Los dos comimos sentados en el suelo y envueltos en el aire cálido de la estufa. Me di cuenta de que tenía mucho apetito y comí con gusto. Me daba la sensación de que, delante de Shu, siempre comía con gusto. Y pensé que esto era magnífico.

—Satsuki.

—¿Sí?

Estaba distraída pensando en eso, y levanté la cabeza sorprendida al oír a Shu.

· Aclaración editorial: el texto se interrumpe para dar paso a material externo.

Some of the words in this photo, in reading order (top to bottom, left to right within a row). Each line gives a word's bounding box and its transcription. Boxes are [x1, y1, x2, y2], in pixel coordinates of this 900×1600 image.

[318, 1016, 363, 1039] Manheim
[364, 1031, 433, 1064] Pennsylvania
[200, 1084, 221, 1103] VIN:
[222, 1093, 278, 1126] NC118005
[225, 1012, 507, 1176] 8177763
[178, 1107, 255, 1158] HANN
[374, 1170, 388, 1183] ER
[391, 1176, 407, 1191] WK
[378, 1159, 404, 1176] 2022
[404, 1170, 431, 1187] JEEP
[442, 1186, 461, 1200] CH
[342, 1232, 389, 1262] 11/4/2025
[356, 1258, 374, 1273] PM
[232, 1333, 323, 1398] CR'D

—No debes adelgazar tanto, ni atormentarte sola hasta el extremo de tener fiebre. Si te sientes mal, llámame. Iremos a divertirnos, a pesar de que cada vez que te veo estás más demacrada. Comportarte como si no hubiese ocurrido nada delante de la gente es malgastar las energías. Tú y Hitoshi os queríais mucho, por eso te sientes morir. Es normal.

Lo dijo todo de golpe. Fue la primera vez que él me demostró su compasión algo infantil. Creía que era una persona más fría e indiferente, por eso sus palabras me sorprendieron y llegaron directamente a mi corazón.

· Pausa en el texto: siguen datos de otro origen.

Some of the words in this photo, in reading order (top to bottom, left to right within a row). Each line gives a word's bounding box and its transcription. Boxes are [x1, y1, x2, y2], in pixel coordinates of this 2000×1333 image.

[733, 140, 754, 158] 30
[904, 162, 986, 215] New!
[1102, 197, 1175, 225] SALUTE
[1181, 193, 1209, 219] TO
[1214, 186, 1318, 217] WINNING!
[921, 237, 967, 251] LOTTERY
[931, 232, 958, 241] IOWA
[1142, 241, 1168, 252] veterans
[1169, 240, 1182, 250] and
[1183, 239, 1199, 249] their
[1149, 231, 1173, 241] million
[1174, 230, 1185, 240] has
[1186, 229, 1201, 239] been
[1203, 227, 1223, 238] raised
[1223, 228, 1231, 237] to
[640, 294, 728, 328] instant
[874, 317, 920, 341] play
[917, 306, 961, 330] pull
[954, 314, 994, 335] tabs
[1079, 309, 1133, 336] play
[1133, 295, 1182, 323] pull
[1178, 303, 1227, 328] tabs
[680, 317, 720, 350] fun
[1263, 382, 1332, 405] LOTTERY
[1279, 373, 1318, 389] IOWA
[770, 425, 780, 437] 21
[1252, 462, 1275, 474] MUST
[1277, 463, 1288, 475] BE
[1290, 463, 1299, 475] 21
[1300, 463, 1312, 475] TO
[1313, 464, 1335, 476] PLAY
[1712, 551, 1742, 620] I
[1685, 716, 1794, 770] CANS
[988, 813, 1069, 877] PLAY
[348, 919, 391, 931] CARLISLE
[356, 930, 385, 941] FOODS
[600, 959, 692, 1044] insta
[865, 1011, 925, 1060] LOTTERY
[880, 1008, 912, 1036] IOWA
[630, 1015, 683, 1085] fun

—Es cierto que todavía soy joven, y no lo suficientemente fuerte como para no echarme a llorar si no llevo el vestido marinero; pero cuando uno tiene un problema, todos los hombres somos hermanos, ¿no? Yo te quiero tanto que no me importaría dormir contigo en el mismo futon.

Lo dijo con una cara tan sincera que era imposible malinterpretar sus palabras; pensé que era muy poco común y no pude ocultar una sonrisa. Le dije de todo corazón:

—Lo sé. De verdad, lo haré. Gracias, gracias de veras.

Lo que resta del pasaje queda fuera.